Every line from the one with "Some of the text" through the final line of the entries below should be returned exactly; leave out all other lines.

Given data>
+ + +
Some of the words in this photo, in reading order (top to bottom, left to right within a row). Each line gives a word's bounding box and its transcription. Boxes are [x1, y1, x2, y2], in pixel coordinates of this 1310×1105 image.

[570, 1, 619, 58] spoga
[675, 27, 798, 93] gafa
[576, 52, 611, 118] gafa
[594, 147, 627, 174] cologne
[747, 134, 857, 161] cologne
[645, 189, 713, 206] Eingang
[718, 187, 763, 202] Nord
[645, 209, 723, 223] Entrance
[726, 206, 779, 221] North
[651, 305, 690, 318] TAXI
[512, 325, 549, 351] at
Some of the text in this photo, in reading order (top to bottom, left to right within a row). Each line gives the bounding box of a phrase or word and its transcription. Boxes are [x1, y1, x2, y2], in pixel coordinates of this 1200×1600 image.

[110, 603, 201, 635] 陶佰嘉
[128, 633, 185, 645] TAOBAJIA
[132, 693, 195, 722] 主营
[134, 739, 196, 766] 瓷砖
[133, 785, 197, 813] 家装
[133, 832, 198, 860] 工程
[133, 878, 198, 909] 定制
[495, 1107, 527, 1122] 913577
+ + +
Answer below>
Some of the text in this photo, in reading order (top to bottom, left to right within a row). Each line gives the bounding box of a phrase or word and its transcription. Boxes are [x1, y1, x2, y2], in pixel coordinates of this 1200×1600 image.

[110, 603, 201, 635] 陶佰嘉
[128, 633, 185, 645] TAOBAJIA
[132, 693, 195, 722] 主营
[134, 739, 196, 766] 瓷砖
[133, 785, 197, 813] 家装
[133, 832, 198, 860] 工程
[133, 878, 198, 909] 定制
[495, 1107, 527, 1122] 913577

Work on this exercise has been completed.